▸ **DATASET ENTRIES**
════════

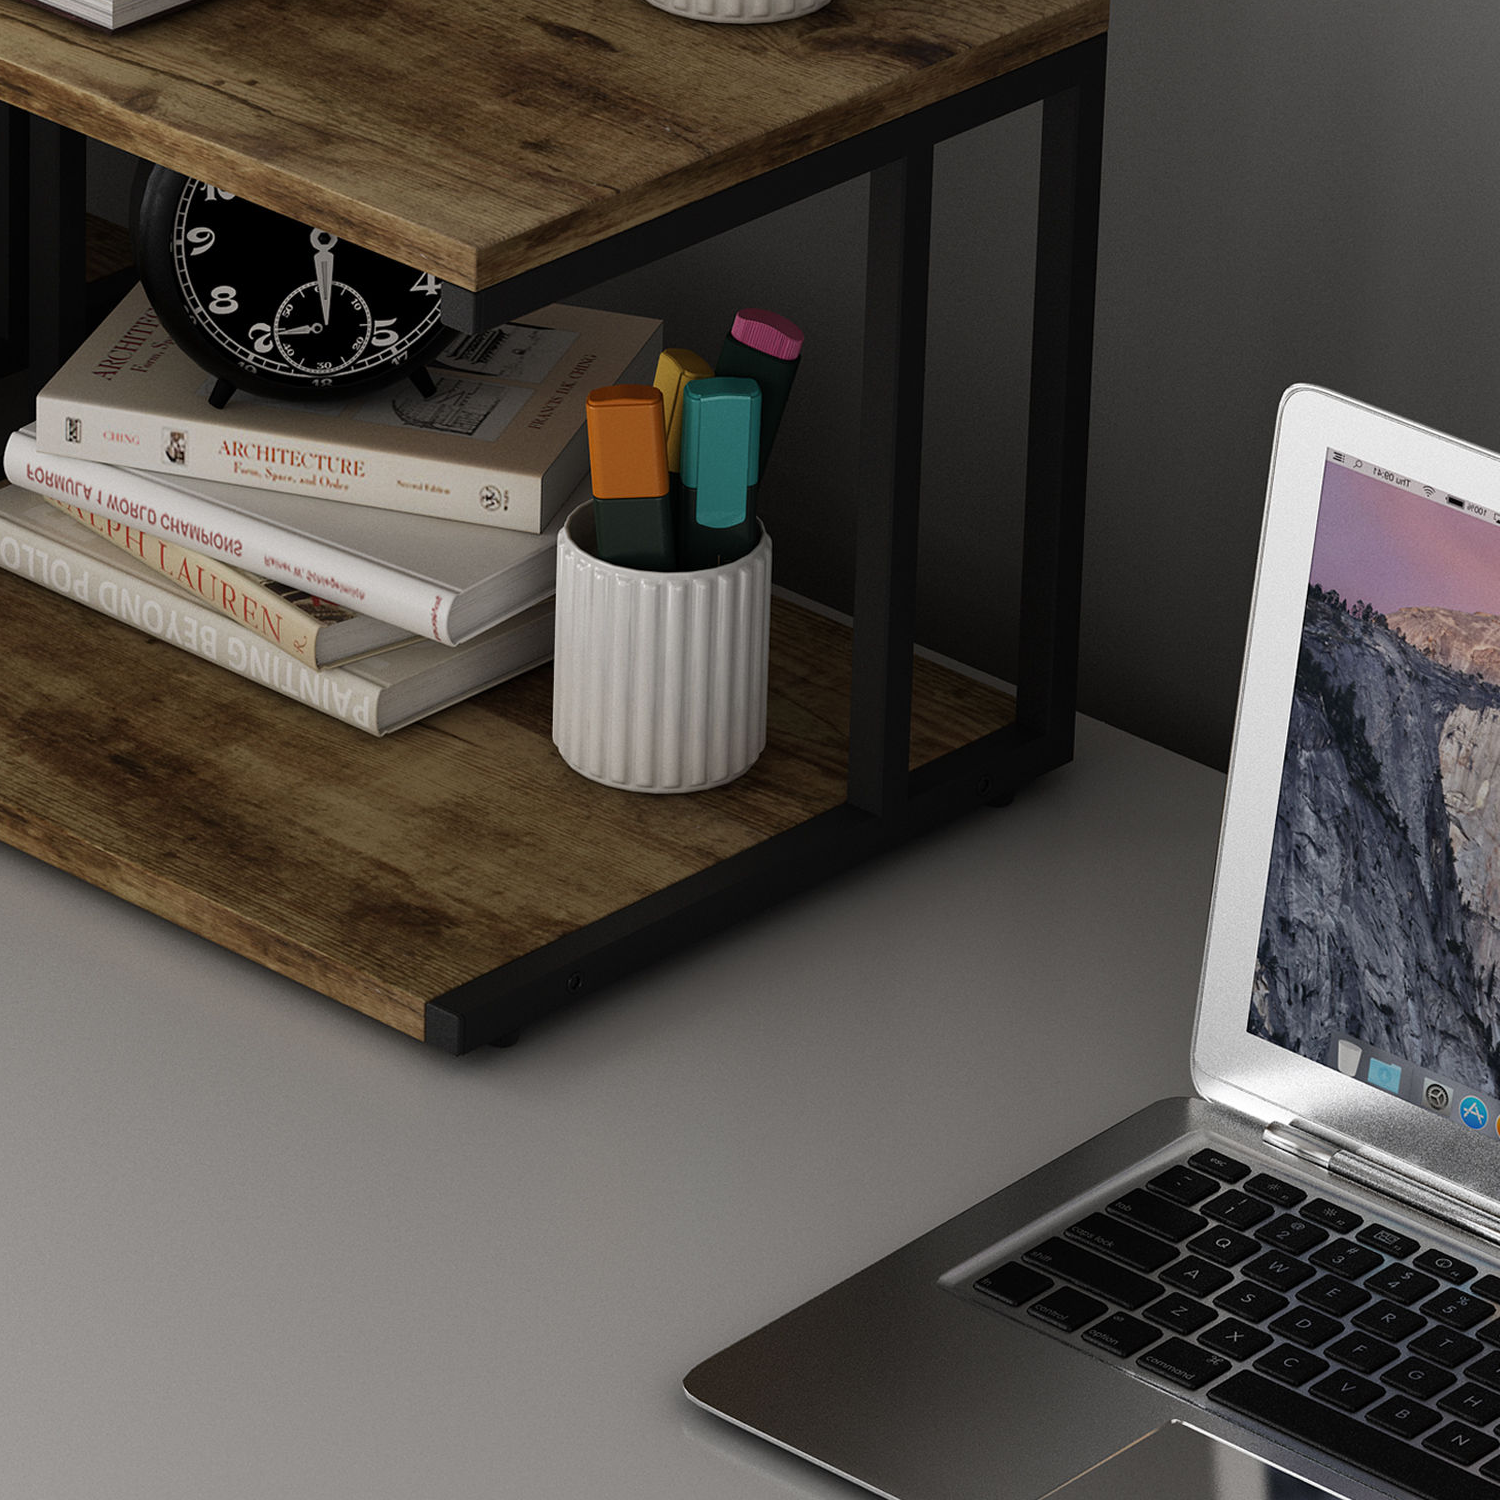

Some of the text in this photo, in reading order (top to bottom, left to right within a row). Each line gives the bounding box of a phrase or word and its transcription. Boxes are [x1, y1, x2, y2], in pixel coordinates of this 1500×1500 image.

[186, 226, 216, 257] 9
[409, 271, 443, 296] 4
[208, 285, 239, 315] 8
[350, 298, 363, 312] 10
[281, 303, 295, 319] 50
[247, 321, 275, 354] 7
[370, 317, 400, 348] 5
[281, 342, 296, 358] 40
[351, 335, 366, 352] 20
[130, 351, 164, 374] Form,
[316, 360, 333, 371] 30
[390, 351, 409, 367] 17
[311, 377, 333, 388] 18
[528, 353, 598, 430] FRANCIS CHING
[102, 429, 141, 446] CHING
[218, 440, 367, 479] ARCHITECTURE
[233, 461, 350, 492] Form, Space, and Order
[157, 539, 284, 644] LAUREN
[99, 580, 218, 661] BEYOND
[226, 635, 371, 730] PAINTING
[1209, 1156, 1228, 1168] esc
[1115, 1200, 1133, 1213] tab
[1070, 1224, 1115, 1249] caps lock
[1215, 1238, 1232, 1249] Q
[1030, 1249, 1054, 1263] shift
[1183, 1268, 1201, 1280] A
[1268, 1260, 1290, 1274] W
[1240, 1293, 1256, 1304] S
[1325, 1286, 1342, 1298] E
[1034, 1302, 1070, 1322] control
[1170, 1304, 1189, 1317] Z
[1380, 1312, 1397, 1324] R
[1088, 1326, 1120, 1348] option
[1224, 1331, 1245, 1343] X
[1146, 1354, 1197, 1382] command
[1282, 1357, 1299, 1369] C
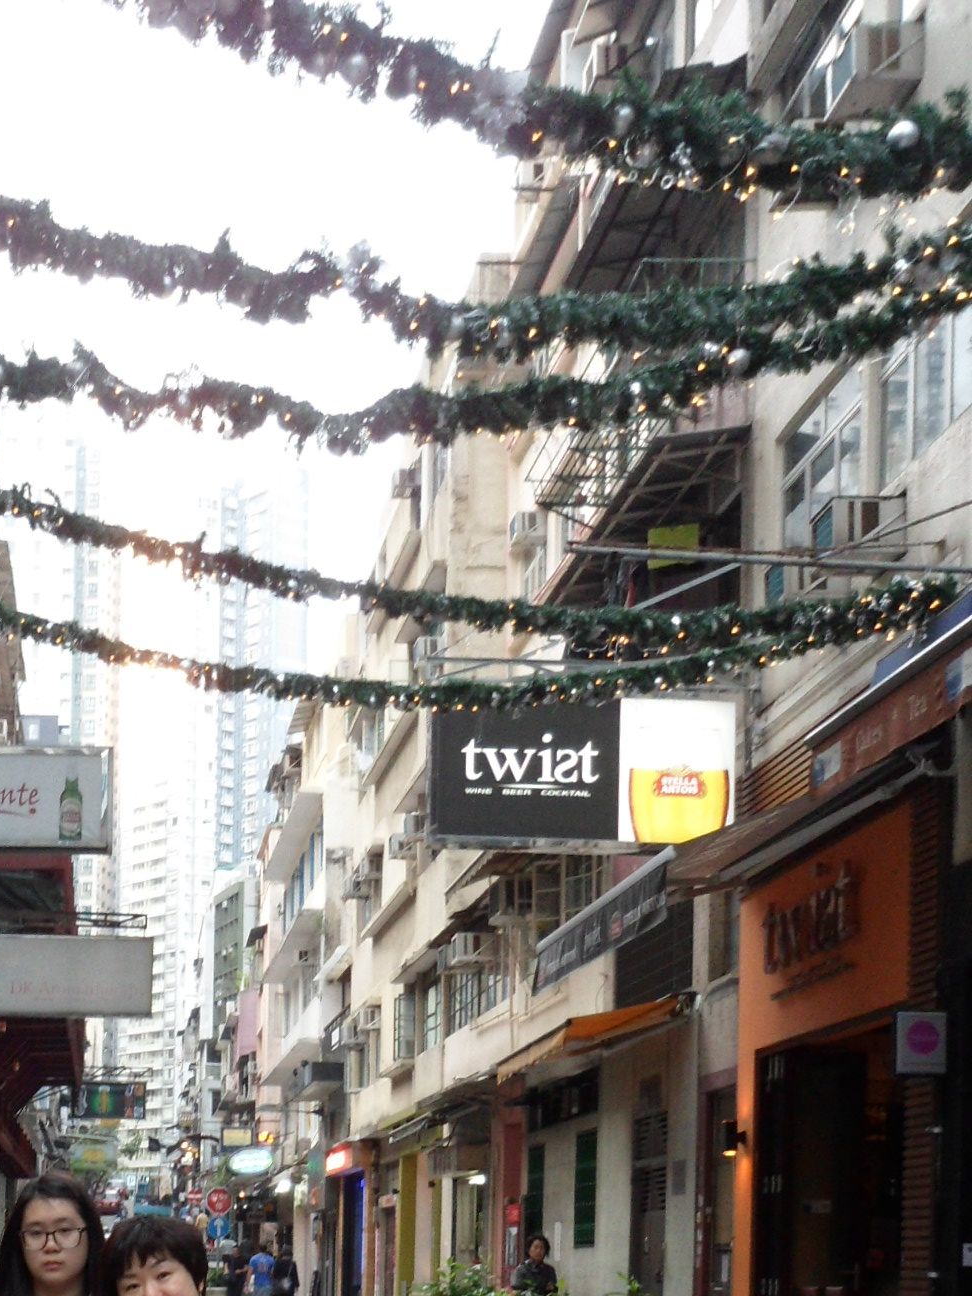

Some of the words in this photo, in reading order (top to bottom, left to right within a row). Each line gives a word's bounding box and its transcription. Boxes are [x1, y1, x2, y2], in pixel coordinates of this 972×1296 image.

[461, 732, 600, 784] twist
[660, 775, 698, 785] STELLA
[464, 787, 493, 796] WINE
[501, 788, 532, 797] BEER
[539, 789, 592, 798] COCKTAIL
[660, 785, 699, 796] ARTOIS
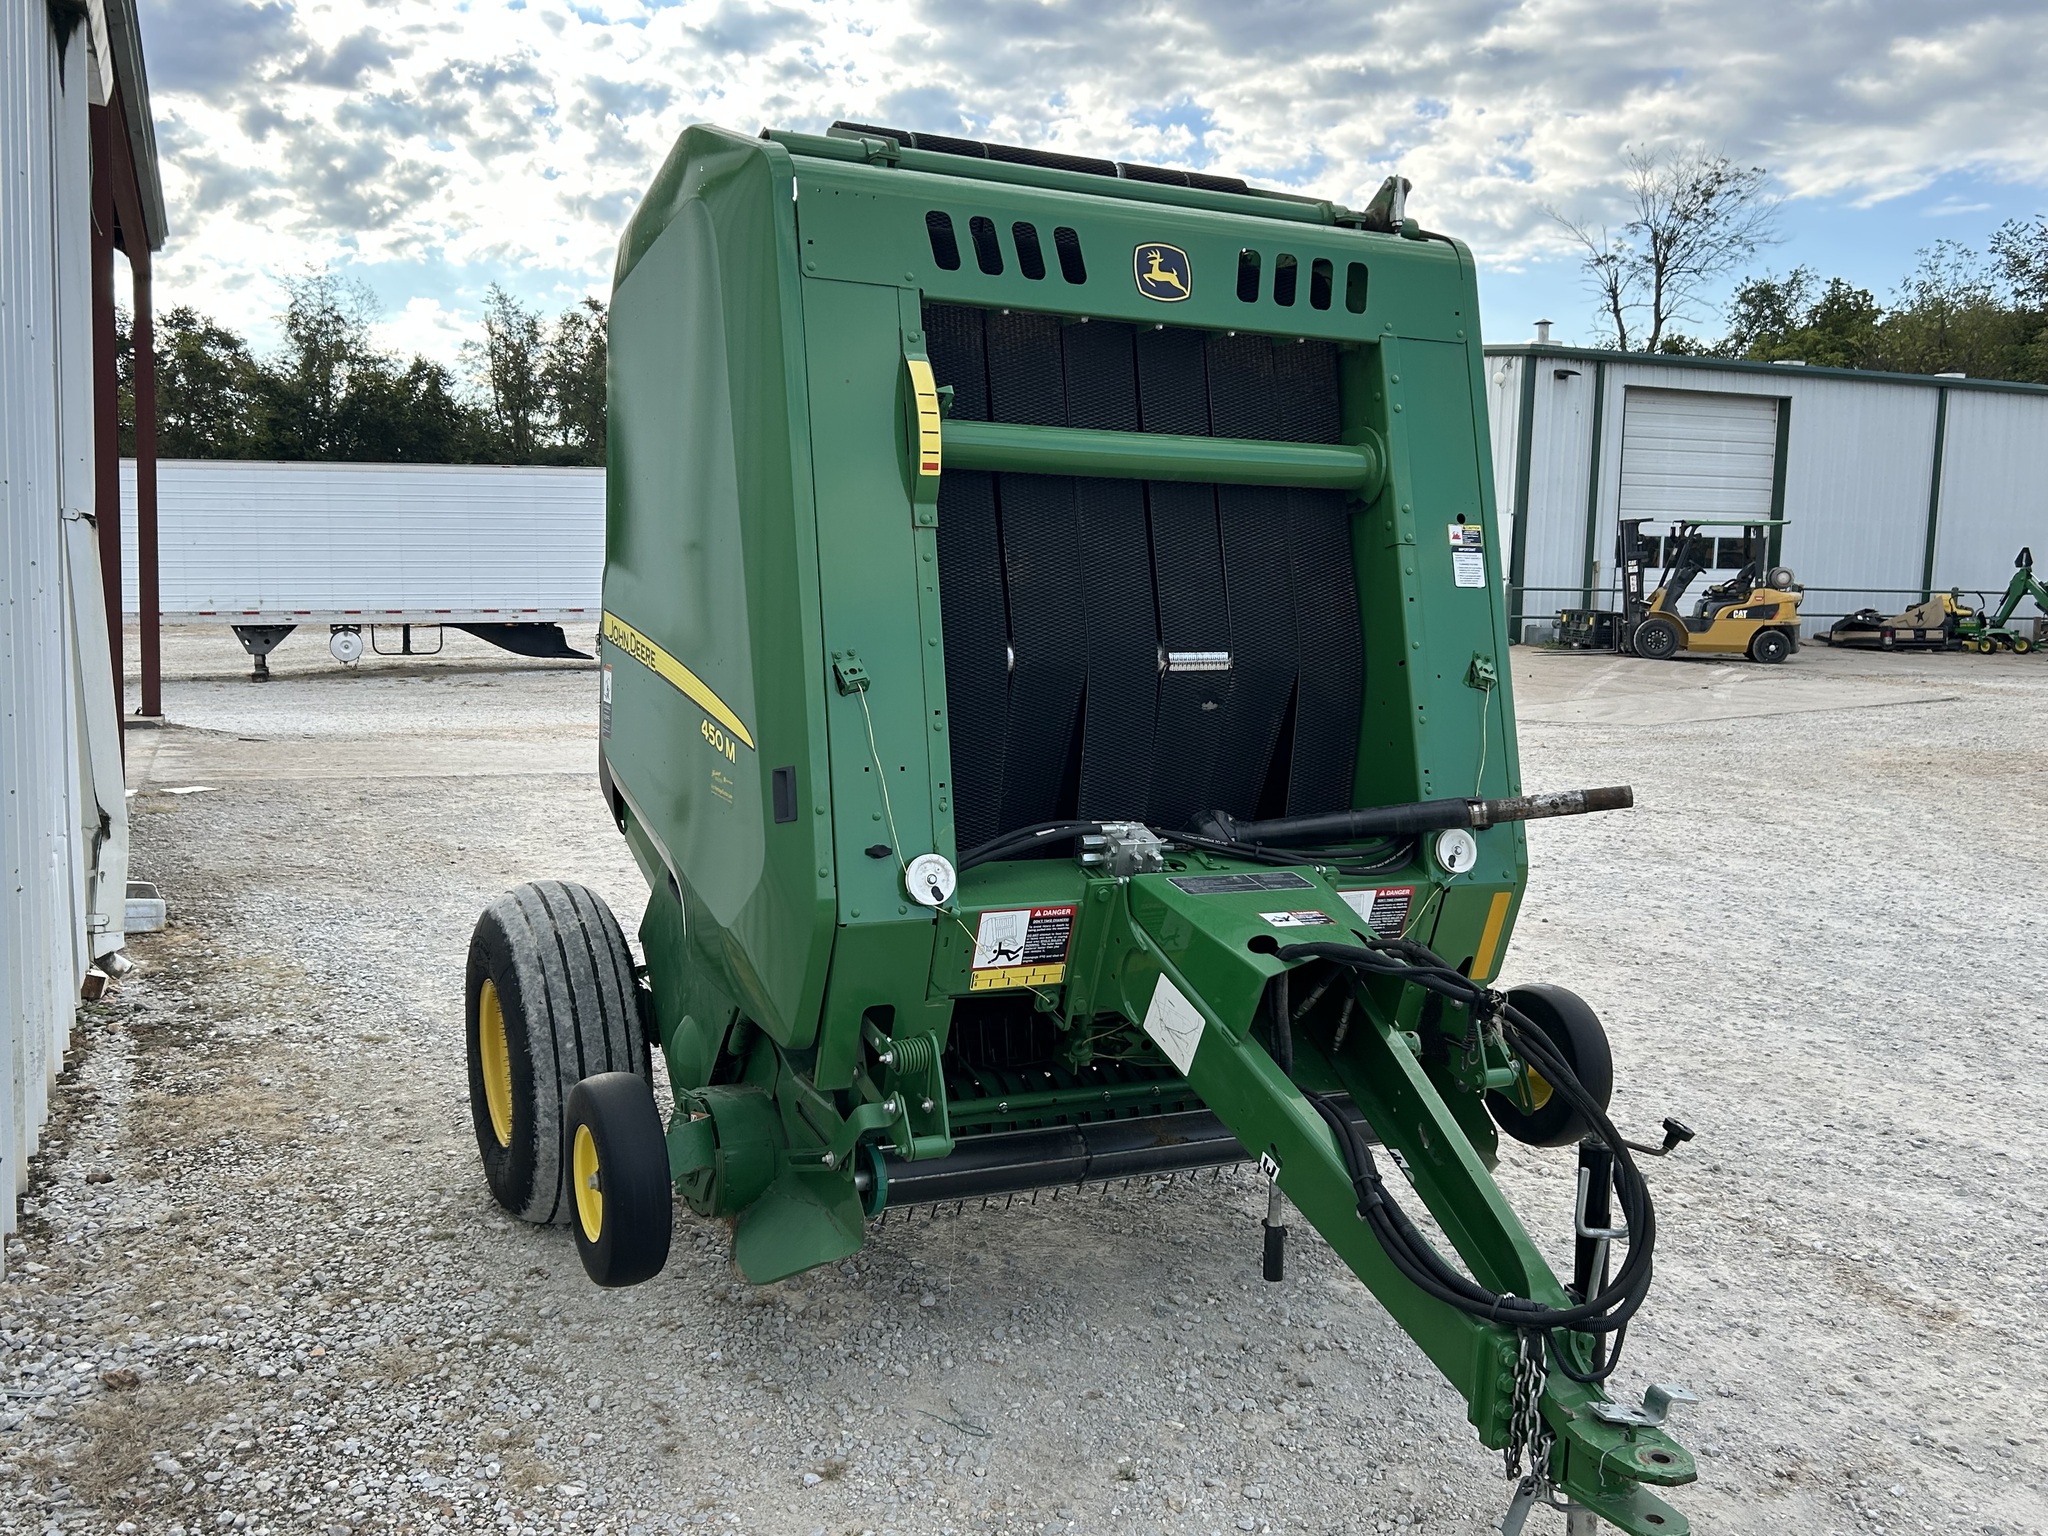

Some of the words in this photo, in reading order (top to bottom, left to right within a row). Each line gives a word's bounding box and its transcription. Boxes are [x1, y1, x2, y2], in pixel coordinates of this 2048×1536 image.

════════

▸ **WHAT THE TASK REQUIRES**
Word-for-word output of every record is needed, with images omitted.

▸ **RESPONSE AREA**
Some of the text in this photo, in reading order (top to bottom, left to right within a row). Each line gives the bounding box of a phrase or word and its transcription. Boxes are [x1, y1, x2, y2], in pixel coordinates of this 1500×1500 image.

[186, 226, 216, 257] 9
[409, 271, 443, 296] 4
[208, 285, 239, 315] 8
[350, 298, 363, 312] 10
[281, 303, 295, 319] 50
[247, 321, 275, 354] 7
[370, 317, 400, 348] 5
[281, 342, 296, 358] 40
[351, 335, 366, 352] 20
[130, 351, 164, 374] Form,
[316, 360, 333, 371] 30
[390, 351, 409, 367] 17
[311, 377, 333, 388] 18
[528, 353, 598, 430] FRANCIS CHING
[102, 429, 141, 446] CHING
[218, 440, 367, 479] ARCHITECTURE
[233, 461, 350, 492] Form, Space, and Order
[157, 539, 284, 644] LAUREN
[99, 580, 218, 661] BEYOND
[226, 635, 371, 730] PAINTING
[1209, 1156, 1228, 1168] esc
[1115, 1200, 1133, 1213] tab
[1070, 1224, 1115, 1249] caps lock
[1215, 1238, 1232, 1249] Q
[1030, 1249, 1054, 1263] shift
[1183, 1268, 1201, 1280] A
[1268, 1260, 1290, 1274] W
[1240, 1293, 1256, 1304] S
[1325, 1286, 1342, 1298] E
[1034, 1302, 1070, 1322] control
[1170, 1304, 1189, 1317] Z
[1380, 1312, 1397, 1324] R
[1088, 1326, 1120, 1348] option
[1224, 1331, 1245, 1343] X
[1146, 1354, 1197, 1382] command
[1282, 1357, 1299, 1369] C

Some of the words in this photo, in reading order (top to bottom, left to right within a row). Each line gives a word's bounding box and its transcription. Boxes are [x1, y1, x2, y2], in pixel coordinates of this 972×1296 image.

[461, 732, 600, 784] twist
[660, 775, 698, 785] STELLA
[464, 787, 493, 796] WINE
[501, 788, 532, 797] BEER
[539, 789, 592, 798] COCKTAIL
[660, 785, 699, 796] ARTOIS

Some of the words in this photo, in reading order (top to bottom, left to right within a row). Each line gives a word's bounding box and its transcription. Boxes are [x1, y1, x2, y2], in pixel coordinates of this 2048×1536 image.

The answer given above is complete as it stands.